**ACTION ITEM:**
The records below should be copied in full, exactly as shown.
### DATA SUPPLIED ###
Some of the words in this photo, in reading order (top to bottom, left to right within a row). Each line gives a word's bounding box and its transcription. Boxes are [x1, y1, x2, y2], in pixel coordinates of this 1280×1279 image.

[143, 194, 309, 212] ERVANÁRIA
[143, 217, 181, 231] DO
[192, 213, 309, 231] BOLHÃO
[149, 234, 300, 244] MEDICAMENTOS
###
**EXERCISE RESPONSE:**
Some of the words in this photo, in reading order (top to bottom, left to right within a row). Each line gives a word's bounding box and its transcription. Boxes are [x1, y1, x2, y2], in pixel coordinates of this 1280×1279 image.

[143, 194, 309, 212] ERVANÁRIA
[143, 217, 181, 231] DO
[192, 213, 309, 231] BOLHÃO
[149, 234, 300, 244] MEDICAMENTOS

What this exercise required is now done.